• WHAT YOU HAVE TO DO
Restating the data word for word is all that is required.

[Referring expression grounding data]
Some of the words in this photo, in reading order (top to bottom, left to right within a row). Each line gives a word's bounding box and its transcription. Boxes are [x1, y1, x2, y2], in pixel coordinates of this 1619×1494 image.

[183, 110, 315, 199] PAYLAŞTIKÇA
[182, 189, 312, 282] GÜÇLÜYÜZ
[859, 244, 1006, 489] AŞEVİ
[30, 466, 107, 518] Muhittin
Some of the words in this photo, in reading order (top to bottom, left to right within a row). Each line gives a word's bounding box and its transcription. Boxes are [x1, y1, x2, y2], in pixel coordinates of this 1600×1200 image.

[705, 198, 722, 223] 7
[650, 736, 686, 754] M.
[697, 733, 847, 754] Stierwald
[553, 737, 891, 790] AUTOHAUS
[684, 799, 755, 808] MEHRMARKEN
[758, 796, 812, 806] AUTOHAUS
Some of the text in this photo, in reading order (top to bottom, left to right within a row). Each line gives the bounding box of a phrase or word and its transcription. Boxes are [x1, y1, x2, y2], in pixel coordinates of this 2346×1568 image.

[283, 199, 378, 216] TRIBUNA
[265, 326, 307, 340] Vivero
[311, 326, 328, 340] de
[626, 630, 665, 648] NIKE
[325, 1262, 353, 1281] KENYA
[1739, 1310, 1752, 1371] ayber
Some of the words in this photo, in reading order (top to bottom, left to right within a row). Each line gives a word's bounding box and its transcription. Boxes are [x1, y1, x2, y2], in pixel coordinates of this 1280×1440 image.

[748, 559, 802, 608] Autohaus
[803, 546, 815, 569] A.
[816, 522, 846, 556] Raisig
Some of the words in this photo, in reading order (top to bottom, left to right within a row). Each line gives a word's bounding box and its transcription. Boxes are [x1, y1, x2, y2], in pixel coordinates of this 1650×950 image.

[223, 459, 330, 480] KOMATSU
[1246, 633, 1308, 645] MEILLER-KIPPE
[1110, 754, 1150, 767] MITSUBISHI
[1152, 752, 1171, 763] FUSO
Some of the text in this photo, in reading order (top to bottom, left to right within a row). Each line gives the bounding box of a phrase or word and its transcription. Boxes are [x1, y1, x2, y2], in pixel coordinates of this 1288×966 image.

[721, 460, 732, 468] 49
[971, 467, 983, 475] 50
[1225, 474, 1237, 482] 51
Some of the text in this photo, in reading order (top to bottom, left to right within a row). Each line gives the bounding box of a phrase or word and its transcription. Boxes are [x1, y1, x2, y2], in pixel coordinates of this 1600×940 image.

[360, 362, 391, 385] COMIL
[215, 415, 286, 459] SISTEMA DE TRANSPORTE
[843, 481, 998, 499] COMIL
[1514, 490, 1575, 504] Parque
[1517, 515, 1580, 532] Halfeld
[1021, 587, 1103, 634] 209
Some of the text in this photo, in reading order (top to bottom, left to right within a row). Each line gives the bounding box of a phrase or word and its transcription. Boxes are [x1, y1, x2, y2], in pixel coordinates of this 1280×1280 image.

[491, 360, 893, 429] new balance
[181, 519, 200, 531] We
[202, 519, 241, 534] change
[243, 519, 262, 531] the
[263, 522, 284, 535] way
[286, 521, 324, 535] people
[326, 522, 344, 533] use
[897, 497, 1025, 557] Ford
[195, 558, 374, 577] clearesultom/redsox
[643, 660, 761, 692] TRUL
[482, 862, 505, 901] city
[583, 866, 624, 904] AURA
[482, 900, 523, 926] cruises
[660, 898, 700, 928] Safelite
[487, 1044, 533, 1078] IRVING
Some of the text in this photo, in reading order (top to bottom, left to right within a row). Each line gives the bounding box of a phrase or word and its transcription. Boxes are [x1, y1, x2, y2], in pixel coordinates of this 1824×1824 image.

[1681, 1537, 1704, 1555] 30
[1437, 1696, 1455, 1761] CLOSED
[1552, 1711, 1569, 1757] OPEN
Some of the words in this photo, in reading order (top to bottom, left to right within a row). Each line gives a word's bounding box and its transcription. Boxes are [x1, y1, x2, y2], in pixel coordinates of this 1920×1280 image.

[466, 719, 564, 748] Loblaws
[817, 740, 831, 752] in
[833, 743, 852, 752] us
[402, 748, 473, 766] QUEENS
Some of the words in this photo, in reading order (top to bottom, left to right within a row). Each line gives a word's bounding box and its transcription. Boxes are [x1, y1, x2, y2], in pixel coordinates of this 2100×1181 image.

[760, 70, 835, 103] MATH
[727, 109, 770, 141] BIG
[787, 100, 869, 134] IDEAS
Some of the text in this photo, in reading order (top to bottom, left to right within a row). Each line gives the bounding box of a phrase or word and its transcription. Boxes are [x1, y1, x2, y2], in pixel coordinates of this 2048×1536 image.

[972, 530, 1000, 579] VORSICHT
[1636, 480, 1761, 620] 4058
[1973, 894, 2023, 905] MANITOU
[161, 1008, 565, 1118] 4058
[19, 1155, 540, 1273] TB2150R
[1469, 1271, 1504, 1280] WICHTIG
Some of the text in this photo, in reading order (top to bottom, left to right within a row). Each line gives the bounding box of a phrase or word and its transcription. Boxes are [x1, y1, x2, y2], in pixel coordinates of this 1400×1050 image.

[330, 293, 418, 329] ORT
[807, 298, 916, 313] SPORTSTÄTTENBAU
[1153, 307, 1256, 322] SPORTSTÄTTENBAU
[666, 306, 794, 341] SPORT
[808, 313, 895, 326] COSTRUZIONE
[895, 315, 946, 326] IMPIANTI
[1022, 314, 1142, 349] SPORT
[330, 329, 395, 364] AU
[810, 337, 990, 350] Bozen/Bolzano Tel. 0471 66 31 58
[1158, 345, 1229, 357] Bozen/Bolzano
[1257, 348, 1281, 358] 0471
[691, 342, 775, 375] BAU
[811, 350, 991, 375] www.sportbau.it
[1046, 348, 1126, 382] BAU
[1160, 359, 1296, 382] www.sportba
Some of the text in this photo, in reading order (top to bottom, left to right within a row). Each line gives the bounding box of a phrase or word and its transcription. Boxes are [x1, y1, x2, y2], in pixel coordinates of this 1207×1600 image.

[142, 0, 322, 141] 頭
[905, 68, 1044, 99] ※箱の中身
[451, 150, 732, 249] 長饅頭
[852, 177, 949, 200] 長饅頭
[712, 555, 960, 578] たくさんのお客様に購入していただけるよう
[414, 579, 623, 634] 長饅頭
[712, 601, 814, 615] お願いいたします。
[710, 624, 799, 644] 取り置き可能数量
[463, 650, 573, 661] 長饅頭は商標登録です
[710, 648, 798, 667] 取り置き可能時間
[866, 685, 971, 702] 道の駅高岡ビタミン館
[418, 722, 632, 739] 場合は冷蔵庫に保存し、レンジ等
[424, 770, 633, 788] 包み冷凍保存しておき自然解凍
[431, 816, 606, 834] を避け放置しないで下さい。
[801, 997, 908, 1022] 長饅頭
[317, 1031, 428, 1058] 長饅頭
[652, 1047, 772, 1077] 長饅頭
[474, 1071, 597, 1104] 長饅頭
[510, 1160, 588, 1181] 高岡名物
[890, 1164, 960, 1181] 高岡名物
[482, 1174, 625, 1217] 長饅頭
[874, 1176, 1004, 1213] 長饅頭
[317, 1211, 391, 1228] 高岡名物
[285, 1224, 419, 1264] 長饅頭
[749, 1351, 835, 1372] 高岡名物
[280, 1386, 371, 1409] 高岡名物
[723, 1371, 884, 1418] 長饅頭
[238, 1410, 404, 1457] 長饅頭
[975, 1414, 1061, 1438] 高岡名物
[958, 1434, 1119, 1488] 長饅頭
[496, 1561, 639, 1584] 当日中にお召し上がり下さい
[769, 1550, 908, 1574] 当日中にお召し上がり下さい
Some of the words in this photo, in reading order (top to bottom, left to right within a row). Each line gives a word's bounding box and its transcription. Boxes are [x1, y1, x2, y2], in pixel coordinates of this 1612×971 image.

• COMPLETED TASK
Some of the words in this photo, in reading order (top to bottom, left to right within a row). Each line gives a word's bounding box and its transcription. Boxes are [x1, y1, x2, y2], in pixel coordinates of this 1619×1494 image.

[183, 110, 315, 199] PAYLAŞTIKÇA
[182, 189, 312, 282] GÜÇLÜYÜZ
[859, 244, 1006, 489] AŞEVİ
[30, 466, 107, 518] Muhittin
Some of the words in this photo, in reading order (top to bottom, left to right within a row). Each line gives a word's bounding box and its transcription. Boxes are [x1, y1, x2, y2], in pixel coordinates of this 1600×1200 image.

[705, 198, 722, 223] 7
[650, 736, 686, 754] M.
[697, 733, 847, 754] Stierwald
[553, 737, 891, 790] AUTOHAUS
[684, 799, 755, 808] MEHRMARKEN
[758, 796, 812, 806] AUTOHAUS
Some of the text in this photo, in reading order (top to bottom, left to right within a row). Each line gives the bounding box of a phrase or word and its transcription. Boxes are [x1, y1, x2, y2], in pixel coordinates of this 2346×1568 image.

[283, 199, 378, 216] TRIBUNA
[265, 326, 307, 340] Vivero
[311, 326, 328, 340] de
[626, 630, 665, 648] NIKE
[325, 1262, 353, 1281] KENYA
[1739, 1310, 1752, 1371] ayber
Some of the words in this photo, in reading order (top to bottom, left to right within a row). Each line gives a word's bounding box and its transcription. Boxes are [x1, y1, x2, y2], in pixel coordinates of this 1280×1440 image.

[748, 559, 802, 608] Autohaus
[803, 546, 815, 569] A.
[816, 522, 846, 556] Raisig
Some of the words in this photo, in reading order (top to bottom, left to right within a row). Each line gives a word's bounding box and its transcription. Boxes are [x1, y1, x2, y2], in pixel coordinates of this 1650×950 image.

[223, 459, 330, 480] KOMATSU
[1246, 633, 1308, 645] MEILLER-KIPPE
[1110, 754, 1150, 767] MITSUBISHI
[1152, 752, 1171, 763] FUSO
Some of the text in this photo, in reading order (top to bottom, left to right within a row). Each line gives the bounding box of a phrase or word and its transcription. Boxes are [x1, y1, x2, y2], in pixel coordinates of this 1288×966 image.

[721, 460, 732, 468] 49
[971, 467, 983, 475] 50
[1225, 474, 1237, 482] 51
Some of the text in this photo, in reading order (top to bottom, left to right within a row). Each line gives the bounding box of a phrase or word and its transcription. Boxes are [x1, y1, x2, y2], in pixel coordinates of this 1600×940 image.

[360, 362, 391, 385] COMIL
[215, 415, 286, 459] SISTEMA DE TRANSPORTE
[843, 481, 998, 499] COMIL
[1514, 490, 1575, 504] Parque
[1517, 515, 1580, 532] Halfeld
[1021, 587, 1103, 634] 209
Some of the text in this photo, in reading order (top to bottom, left to right within a row). Each line gives the bounding box of a phrase or word and its transcription. Boxes are [x1, y1, x2, y2], in pixel coordinates of this 1280×1280 image.

[491, 360, 893, 429] new balance
[181, 519, 200, 531] We
[202, 519, 241, 534] change
[243, 519, 262, 531] the
[263, 522, 284, 535] way
[286, 521, 324, 535] people
[326, 522, 344, 533] use
[897, 497, 1025, 557] Ford
[195, 558, 374, 577] clearesultom/redsox
[643, 660, 761, 692] TRUL
[482, 862, 505, 901] city
[583, 866, 624, 904] AURA
[482, 900, 523, 926] cruises
[660, 898, 700, 928] Safelite
[487, 1044, 533, 1078] IRVING
Some of the text in this photo, in reading order (top to bottom, left to right within a row). Each line gives the bounding box of a phrase or word and its transcription. Boxes are [x1, y1, x2, y2], in pixel coordinates of this 1824×1824 image.

[1681, 1537, 1704, 1555] 30
[1437, 1696, 1455, 1761] CLOSED
[1552, 1711, 1569, 1757] OPEN
Some of the words in this photo, in reading order (top to bottom, left to right within a row). Each line gives a word's bounding box and its transcription. Boxes are [x1, y1, x2, y2], in pixel coordinates of this 1920×1280 image.

[466, 719, 564, 748] Loblaws
[817, 740, 831, 752] in
[833, 743, 852, 752] us
[402, 748, 473, 766] QUEENS
Some of the words in this photo, in reading order (top to bottom, left to right within a row). Each line gives a word's bounding box and its transcription. Boxes are [x1, y1, x2, y2], in pixel coordinates of this 2100×1181 image.

[760, 70, 835, 103] MATH
[727, 109, 770, 141] BIG
[787, 100, 869, 134] IDEAS
Some of the text in this photo, in reading order (top to bottom, left to right within a row). Each line gives the bounding box of a phrase or word and its transcription. Boxes are [x1, y1, x2, y2], in pixel coordinates of this 2048×1536 image.

[972, 530, 1000, 579] VORSICHT
[1636, 480, 1761, 620] 4058
[1973, 894, 2023, 905] MANITOU
[161, 1008, 565, 1118] 4058
[19, 1155, 540, 1273] TB2150R
[1469, 1271, 1504, 1280] WICHTIG
Some of the text in this photo, in reading order (top to bottom, left to right within a row). Each line gives the bounding box of a phrase or word and its transcription. Boxes are [x1, y1, x2, y2], in pixel coordinates of this 1400×1050 image.

[330, 293, 418, 329] ORT
[807, 298, 916, 313] SPORTSTÄTTENBAU
[1153, 307, 1256, 322] SPORTSTÄTTENBAU
[666, 306, 794, 341] SPORT
[808, 313, 895, 326] COSTRUZIONE
[895, 315, 946, 326] IMPIANTI
[1022, 314, 1142, 349] SPORT
[330, 329, 395, 364] AU
[810, 337, 990, 350] Bozen/Bolzano Tel. 0471 66 31 58
[1158, 345, 1229, 357] Bozen/Bolzano
[1257, 348, 1281, 358] 0471
[691, 342, 775, 375] BAU
[811, 350, 991, 375] www.sportbau.it
[1046, 348, 1126, 382] BAU
[1160, 359, 1296, 382] www.sportba
Some of the text in this photo, in reading order (top to bottom, left to right within a row). Each line gives the bounding box of a phrase or word and its transcription. Boxes are [x1, y1, x2, y2], in pixel coordinates of this 1207×1600 image.

[142, 0, 322, 141] 頭
[905, 68, 1044, 99] ※箱の中身
[451, 150, 732, 249] 長饅頭
[852, 177, 949, 200] 長饅頭
[712, 555, 960, 578] たくさんのお客様に購入していただけるよう
[414, 579, 623, 634] 長饅頭
[712, 601, 814, 615] お願いいたします。
[710, 624, 799, 644] 取り置き可能数量
[463, 650, 573, 661] 長饅頭は商標登録です
[710, 648, 798, 667] 取り置き可能時間
[866, 685, 971, 702] 道の駅高岡ビタミン館
[418, 722, 632, 739] 場合は冷蔵庫に保存し、レンジ等
[424, 770, 633, 788] 包み冷凍保存しておき自然解凍
[431, 816, 606, 834] を避け放置しないで下さい。
[801, 997, 908, 1022] 長饅頭
[317, 1031, 428, 1058] 長饅頭
[652, 1047, 772, 1077] 長饅頭
[474, 1071, 597, 1104] 長饅頭
[510, 1160, 588, 1181] 高岡名物
[890, 1164, 960, 1181] 高岡名物
[482, 1174, 625, 1217] 長饅頭
[874, 1176, 1004, 1213] 長饅頭
[317, 1211, 391, 1228] 高岡名物
[285, 1224, 419, 1264] 長饅頭
[749, 1351, 835, 1372] 高岡名物
[280, 1386, 371, 1409] 高岡名物
[723, 1371, 884, 1418] 長饅頭
[238, 1410, 404, 1457] 長饅頭
[975, 1414, 1061, 1438] 高岡名物
[958, 1434, 1119, 1488] 長饅頭
[496, 1561, 639, 1584] 当日中にお召し上がり下さい
[769, 1550, 908, 1574] 当日中にお召し上がり下さい
Some of the words in this photo, in reading order (top to bottom, left to right within a row). Each line gives a word's bounding box and its transcription. Boxes are [x1, y1, x2, y2], in pixel coordinates of this 1612×971 image.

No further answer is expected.